It’s not the most fun thing to think about on Valentine’s Day weekend, but our financial news feed is being dominated right now by the Wuhan coronavirus and its potential impact on the global economy. While our discussion here focuses on the economic impact, our prayers are for the much more terrible human impact this virus has had.
One of the questions we have received from clients is, “how has the market acted during past disease outbreaks?” Below is a chart which goes back to the end of 2000 showing the global stock market marked with the timing of past viral outbreaks. When you look at the chart, there really is not much of a pattern. If anything, some past outbreaks have coincided with market lows while with others, if the market was in an uptrend, that uptrend tended to continue.

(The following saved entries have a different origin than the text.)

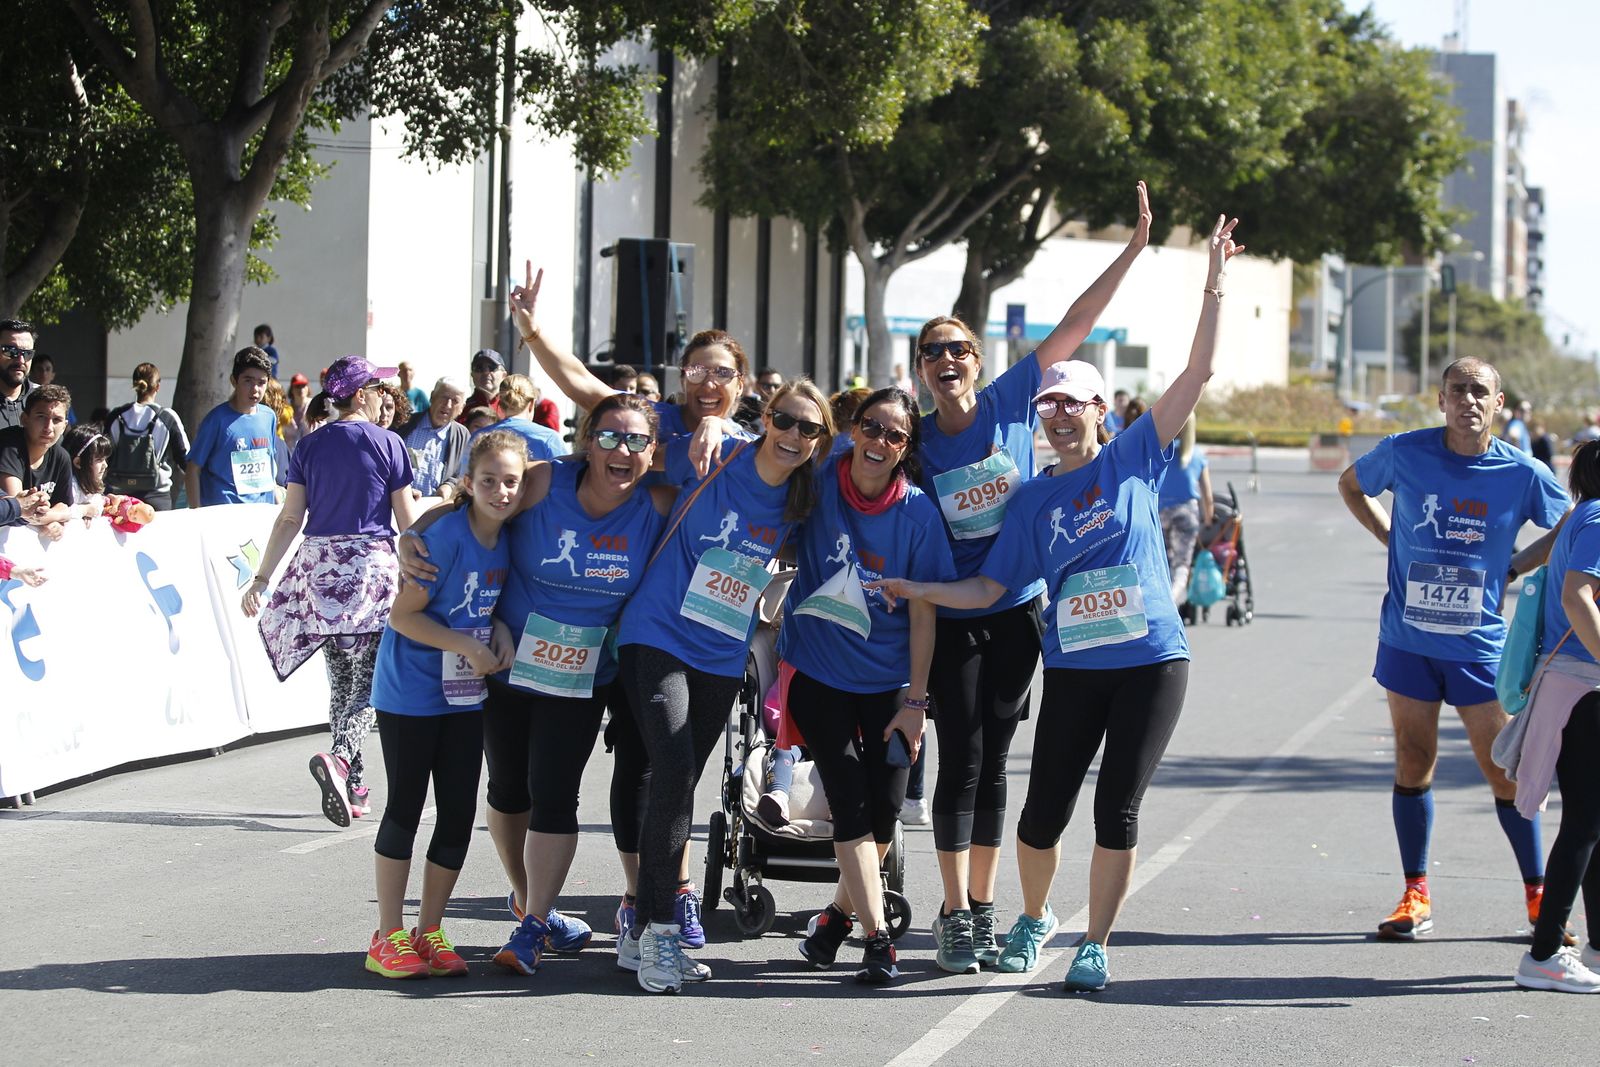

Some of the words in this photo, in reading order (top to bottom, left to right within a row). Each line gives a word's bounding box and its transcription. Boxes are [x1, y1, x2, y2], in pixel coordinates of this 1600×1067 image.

[239, 462, 266, 475] 2237
[954, 476, 1009, 511] 2096
[971, 503, 986, 512] MAR
[1451, 497, 1488, 516] VIII
[1448, 516, 1487, 527] CARRERA
[589, 534, 628, 551] VIII
[586, 552, 630, 562] CARRERA
[705, 571, 750, 603] 2095
[1420, 584, 1470, 604] 1474
[1069, 589, 1127, 616] 2030
[1082, 609, 1118, 619] MERCEDES
[532, 640, 588, 665] 2029
[534, 657, 555, 667] MARIA

When we look at the stock market in recent weeks, headlines about the virus have coincided with some day to day volatility, but overall, major stock indexes have continued to move higher, with the MSCI All Country World stock index up about 2.5% YTD. One area though where we have seen significant volatility is with energy. Below is a chart showing oil prices over the last six months. After registering a 6-month high of over $64 on January 7th, light sweet crude oil is trading at about $52 today. That’s a drop of about 19% in a bit over 5 weeks.
With the eye of the storm of the virus in China, the impact is going to be most keenly felt there. Stephen Green, an economist with Capital Group, had this to say about the impact in China: “Given the quarantine lockdowns, it’s highly likely that the numbers of infected people in mainland China are significantly underestimated, especially in rural areas where medical facilities are limited. Depending on how long it takes to contain the coronavirus, we should expect to see sizable declines in consumer spending and manufacturing activity at least through the end of February. I wouldn’t be surprised if China’s first quarter economic growth falls below 6% and some estimates are as low as 5% which is in the realm of possibility.” The Joseph Group investment team notes that China’s Central Bank has been accommodative and has been pumping liquidity into the Chinese economy to soften the impact.

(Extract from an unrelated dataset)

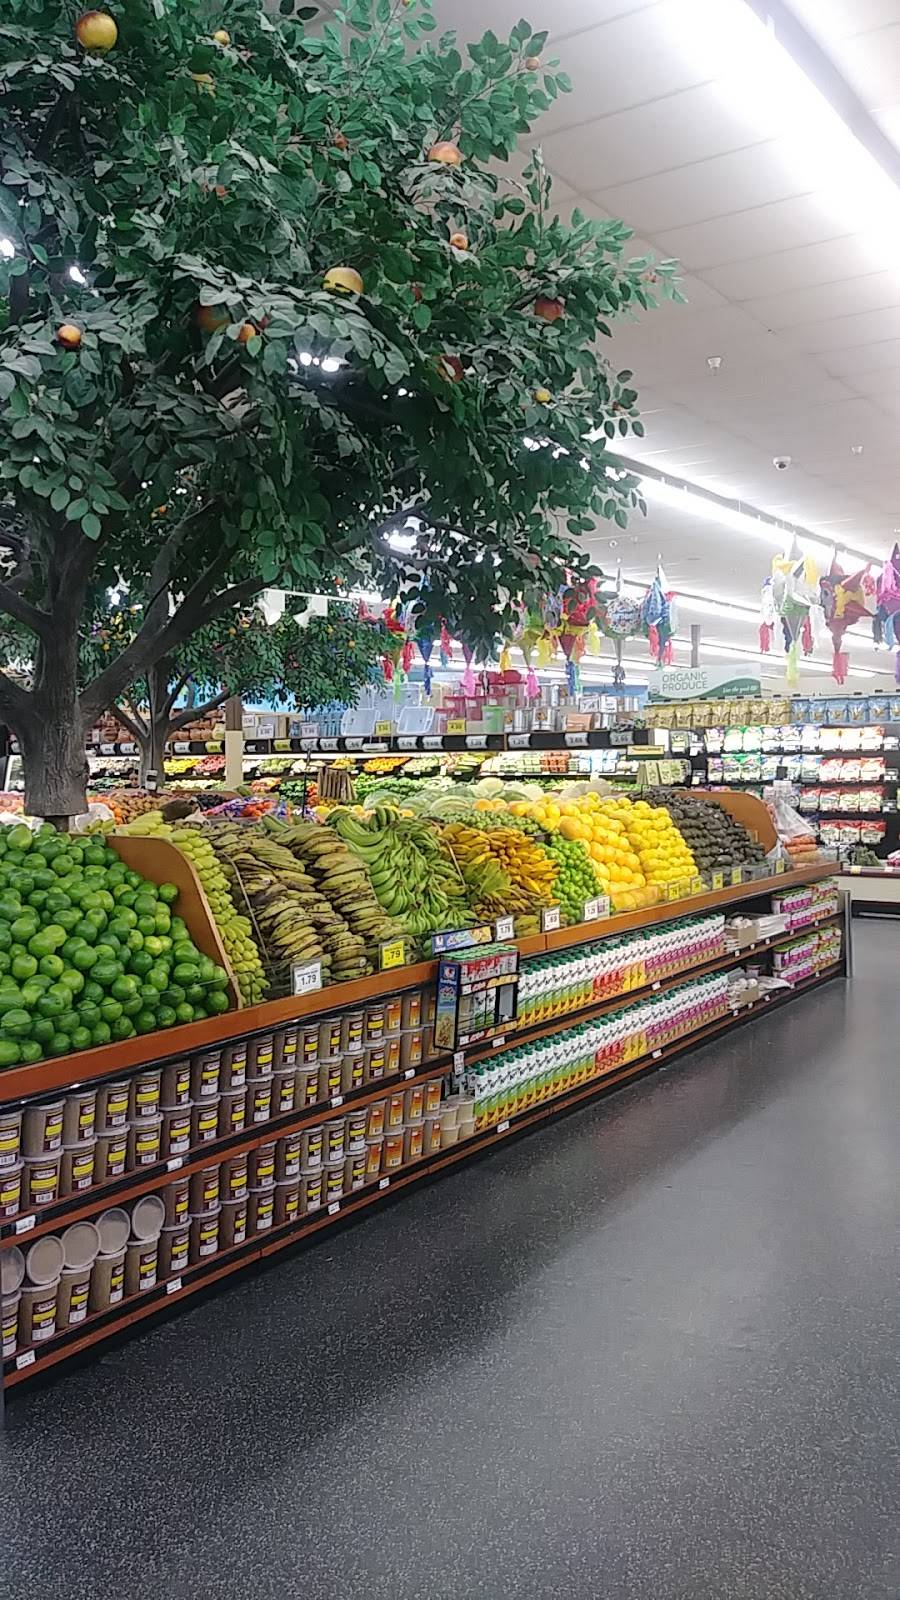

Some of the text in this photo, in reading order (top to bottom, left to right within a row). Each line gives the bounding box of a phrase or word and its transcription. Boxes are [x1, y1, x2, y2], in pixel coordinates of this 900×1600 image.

So that’s the perspective in China, what about here in the U.S.? Another Capital Group economist, Jared Franz says, “The economic impact of the coronavirus on the U.S. is more difficult to calibrate, but I expect it to be modest and mostly felt through trade disruption and financial linkages. Assuming the outbreak is contained soon, it’s likely global economic growth will experience a V-shaped recovery characterized by slower growth in the first half and a significant acceleration in the second half of the year.”

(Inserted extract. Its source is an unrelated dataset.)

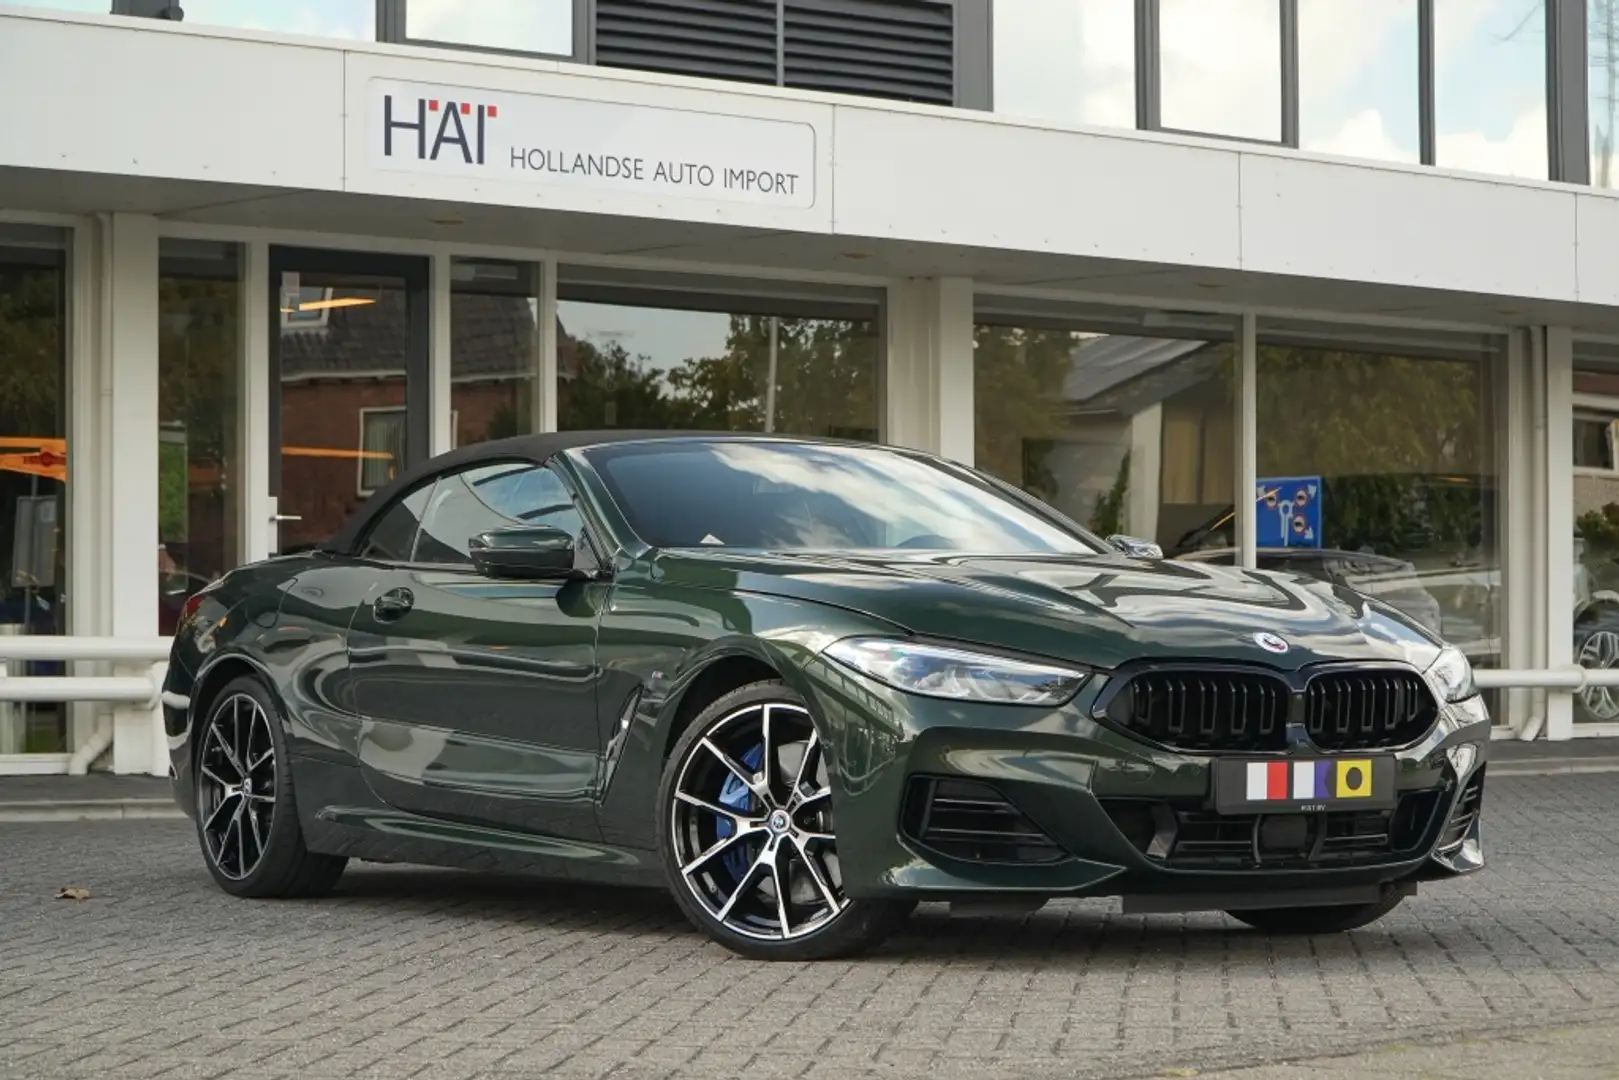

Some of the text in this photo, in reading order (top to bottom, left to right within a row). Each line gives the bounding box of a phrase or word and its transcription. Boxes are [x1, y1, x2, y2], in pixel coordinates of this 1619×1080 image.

So, what is The Joseph Group currently doing/thinking? Across our client accounts, we are generally overweight stocks, but we have those stocks paired with small risk hedges in the form of short-term bonds or gold, depending on which is more appropriate for the objective of the strategy. Most of our research supports the conclusion the officially named COVID-19 virus will have a limited impact on markets but it is something we will continue to monitor, even if it interferes with Valentine’s Day.